# WHAT YOU HAVE TO DO
Restate every entry verbatim; drop the pictures.

____

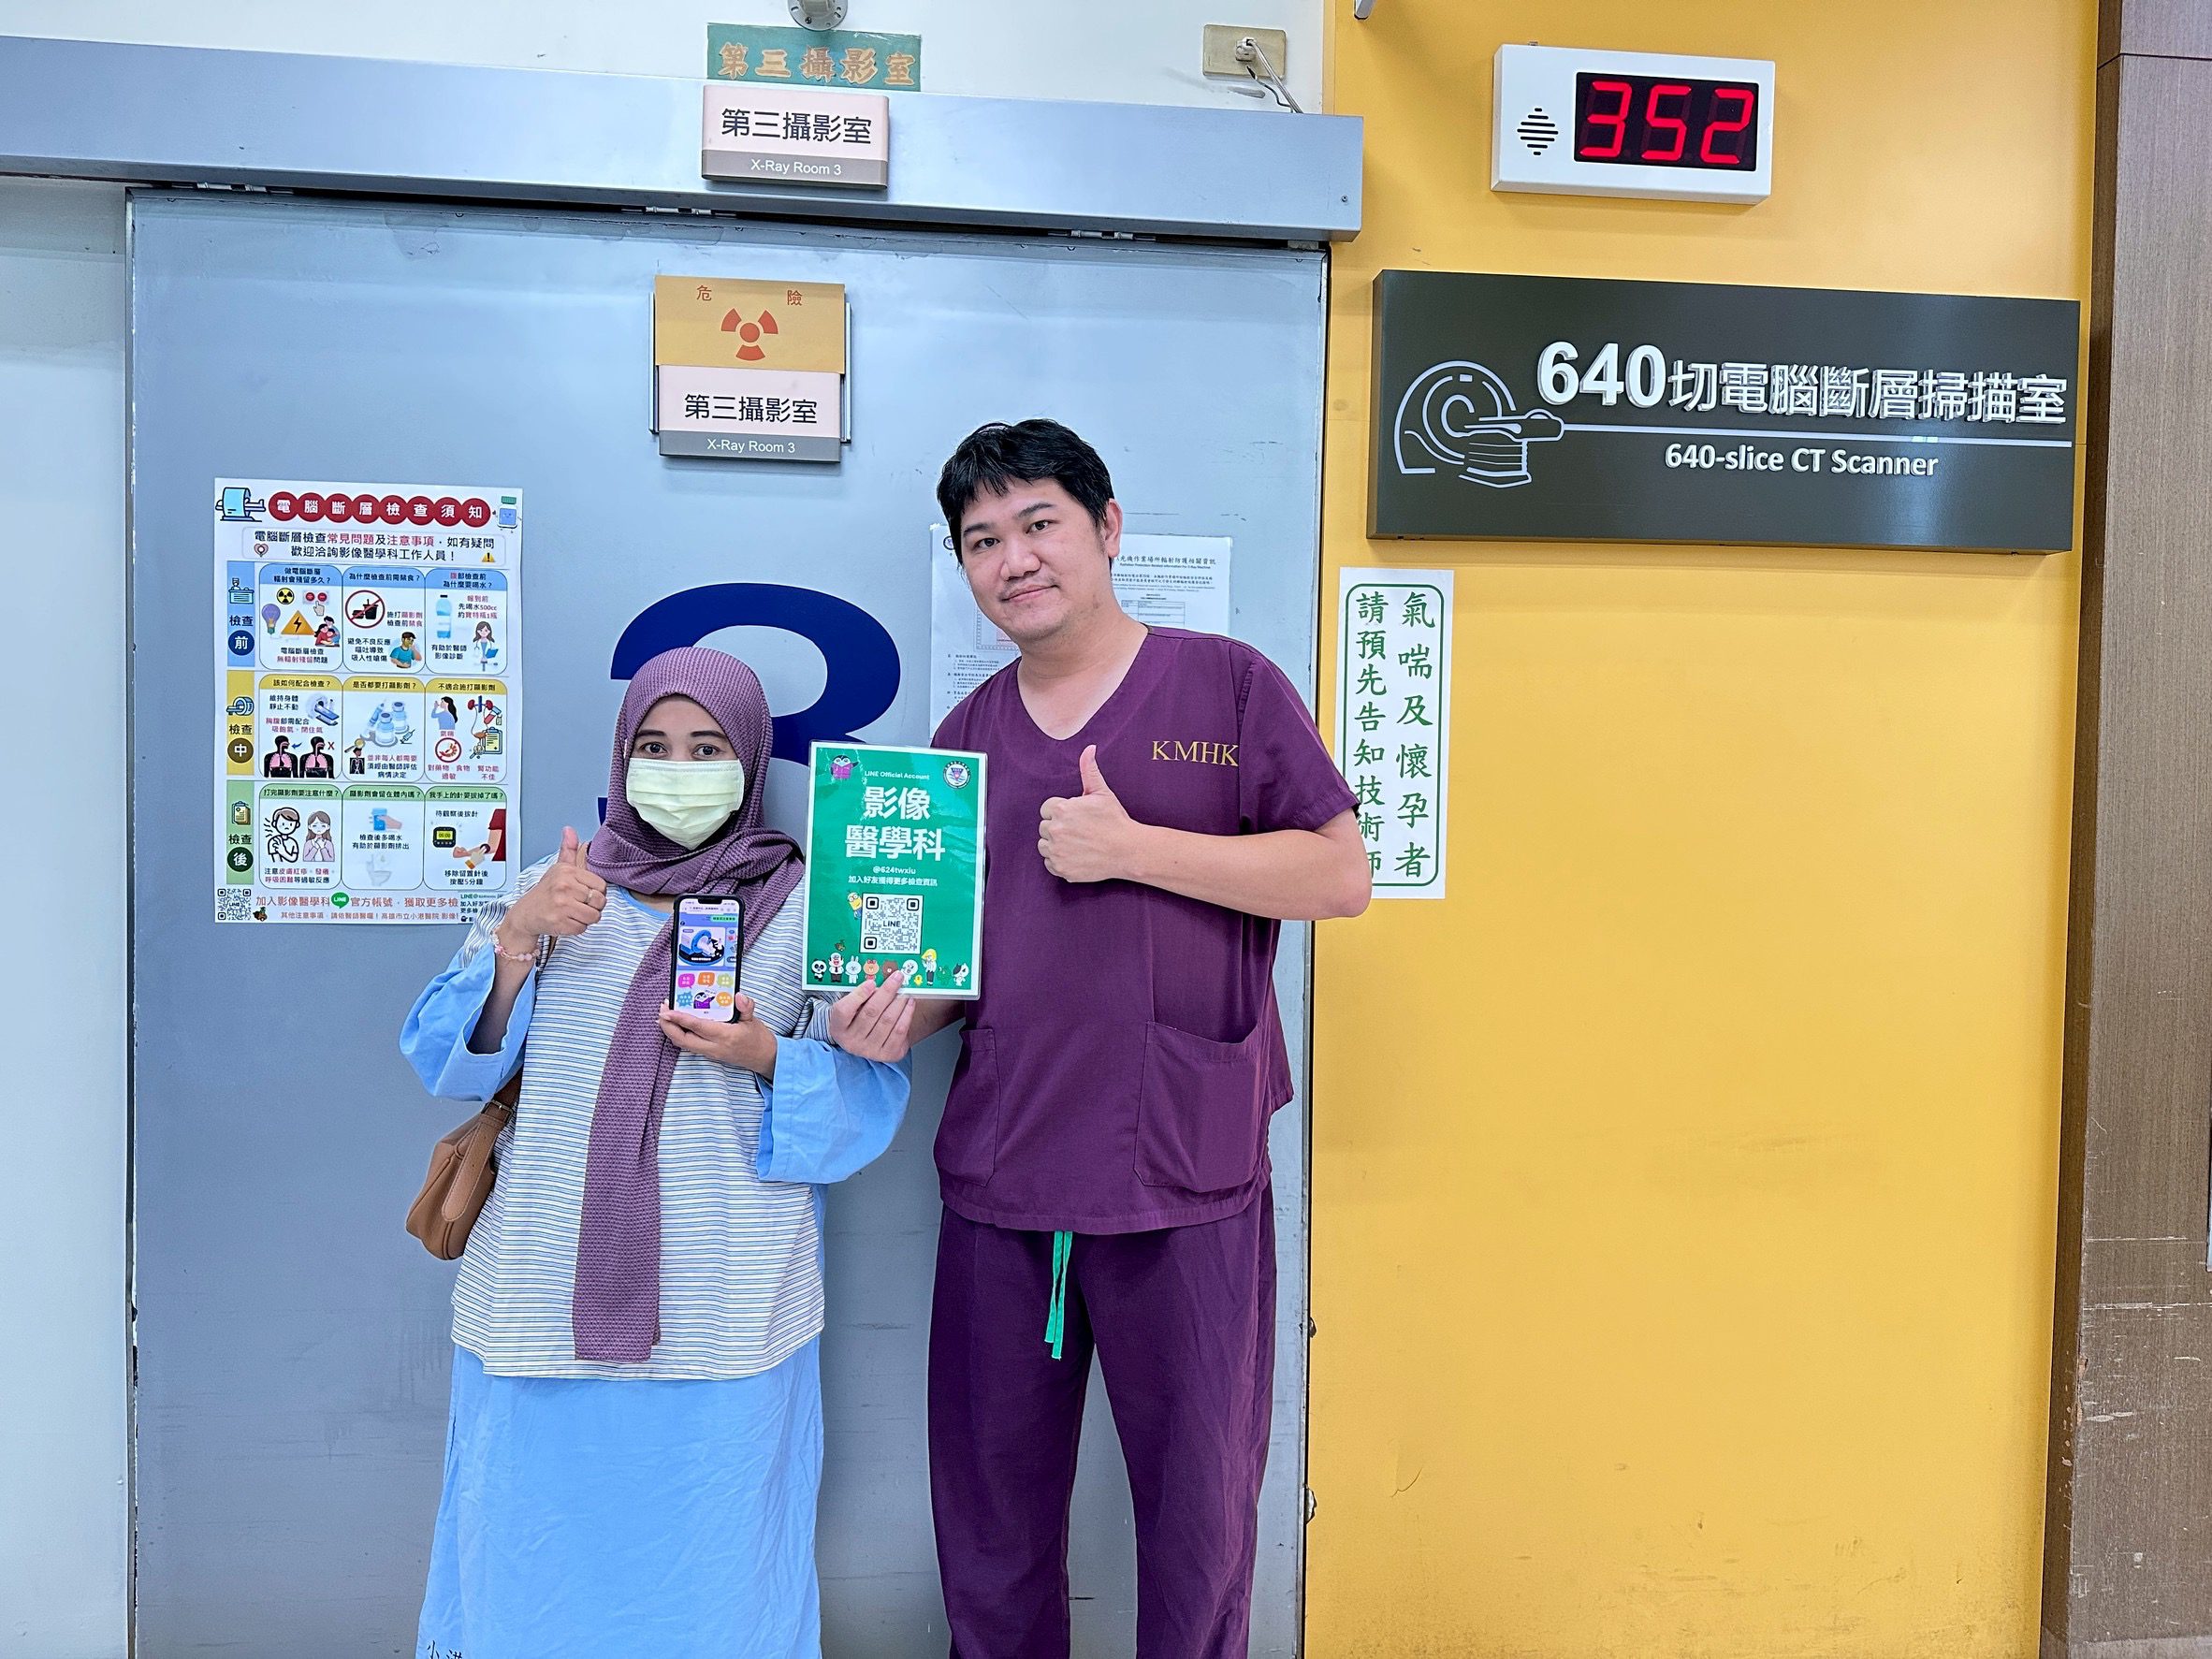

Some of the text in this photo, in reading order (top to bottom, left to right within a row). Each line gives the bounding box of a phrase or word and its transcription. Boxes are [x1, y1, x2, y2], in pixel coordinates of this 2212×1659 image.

[718, 42, 917, 86] 第三攝影室
[720, 108, 873, 146] 第三攝影室
[1580, 80, 1754, 165] 352
[750, 158, 842, 176] X-Ray Room 3
[1536, 341, 2068, 426] 640切電腦斷層掃描室
[684, 393, 819, 425] 第三攝影室
[706, 439, 795, 455] X-Ray Room 3
[1665, 442, 1939, 478] 640-slice CT Scanner
[277, 500, 482, 518] 電腦斷層檢查須知
[229, 615, 254, 627] 檢查
[235, 636, 248, 649] 前
[229, 724, 253, 735] 檢查
[1396, 591, 1435, 878] 氣喘及懷孕者
[234, 744, 247, 757] 中
[1151, 740, 1239, 766] KMHK
[863, 786, 930, 821] 影像
[228, 834, 253, 845] 檢查
[845, 824, 946, 861] 醫學科
[234, 852, 247, 866] 後
[256, 896, 329, 907] 加入影像醫學科
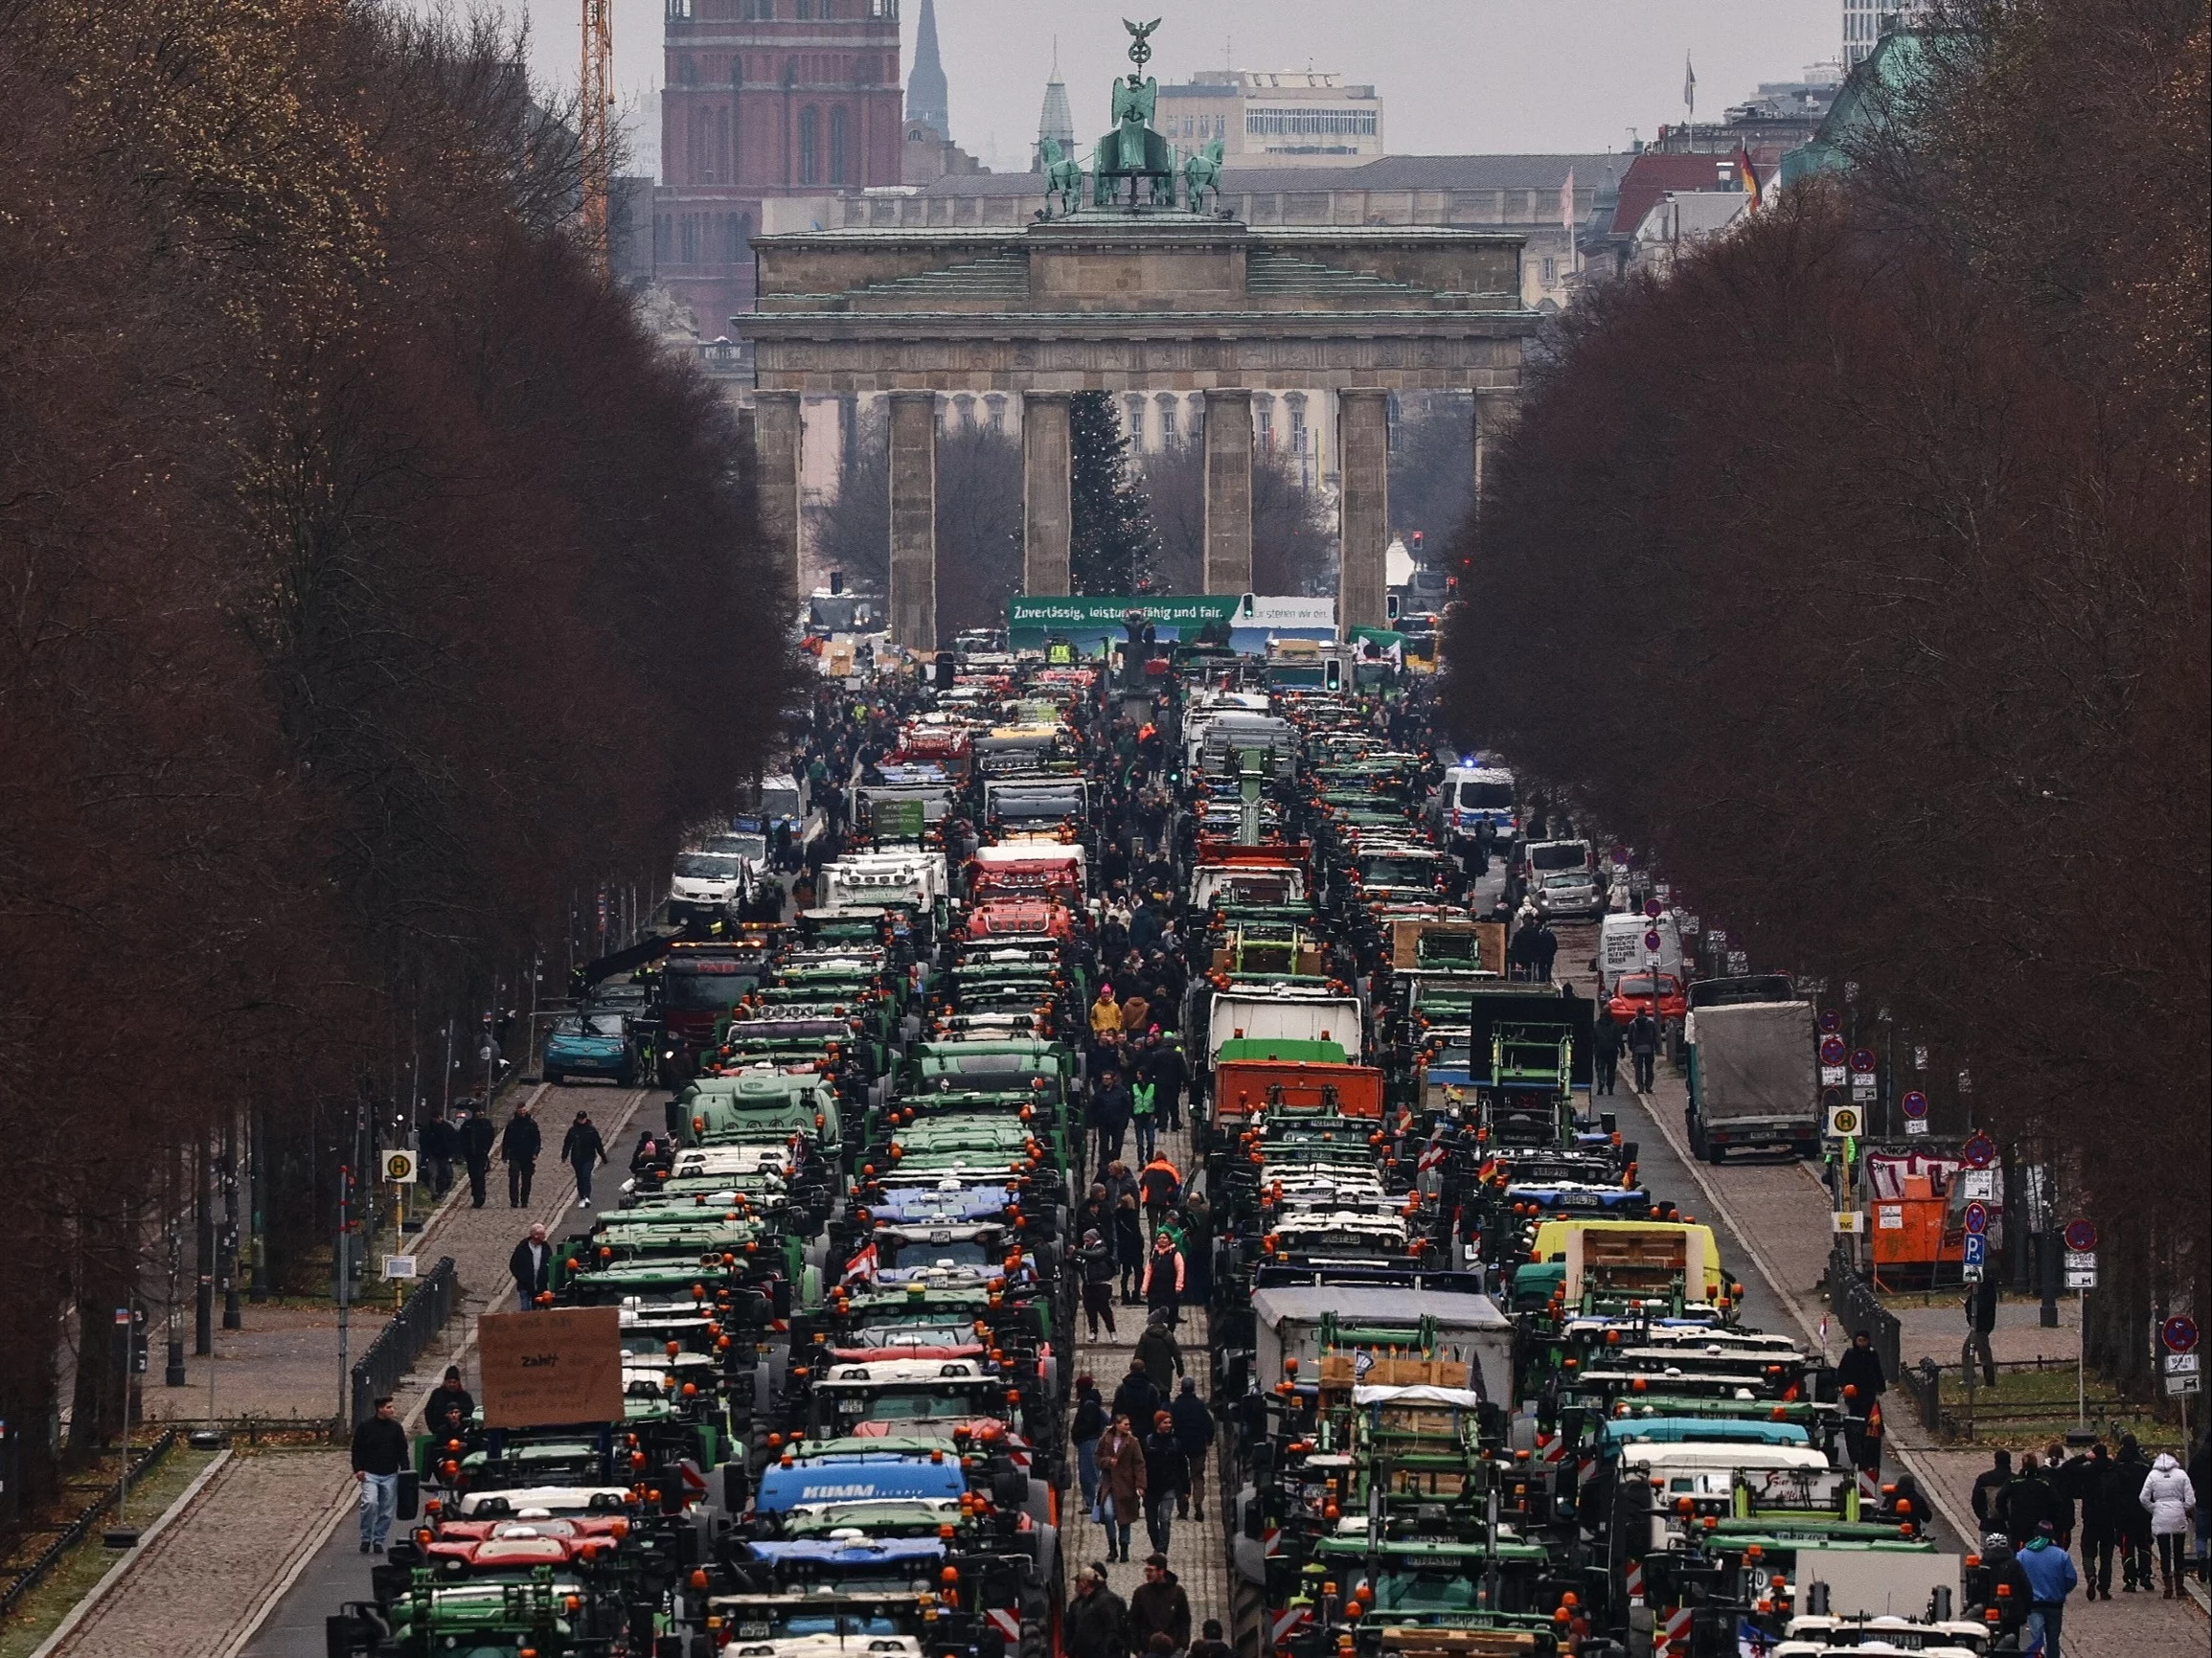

____

# SOLUTION TO THE PROBLEM
Some of the text in this photo, in reading order (top to bottom, left to right within a row). Each line gives the bounding box of a phrase or word and its transcription. Boxes are [x1, y1, x2, y2], in pixel coordinates of this 2212×1659 image.

[718, 42, 917, 86] 第三攝影室
[720, 108, 873, 146] 第三攝影室
[1580, 80, 1754, 165] 352
[750, 158, 842, 176] X-Ray Room 3
[1536, 341, 2068, 426] 640切電腦斷層掃描室
[684, 393, 819, 425] 第三攝影室
[706, 439, 795, 455] X-Ray Room 3
[1665, 442, 1939, 478] 640-slice CT Scanner
[277, 500, 482, 518] 電腦斷層檢查須知
[229, 615, 254, 627] 檢查
[235, 636, 248, 649] 前
[229, 724, 253, 735] 檢查
[1396, 591, 1435, 878] 氣喘及懷孕者
[234, 744, 247, 757] 中
[1151, 740, 1239, 766] KMHK
[863, 786, 930, 821] 影像
[228, 834, 253, 845] 檢查
[845, 824, 946, 861] 醫學科
[234, 852, 247, 866] 後
[256, 896, 329, 907] 加入影像醫學科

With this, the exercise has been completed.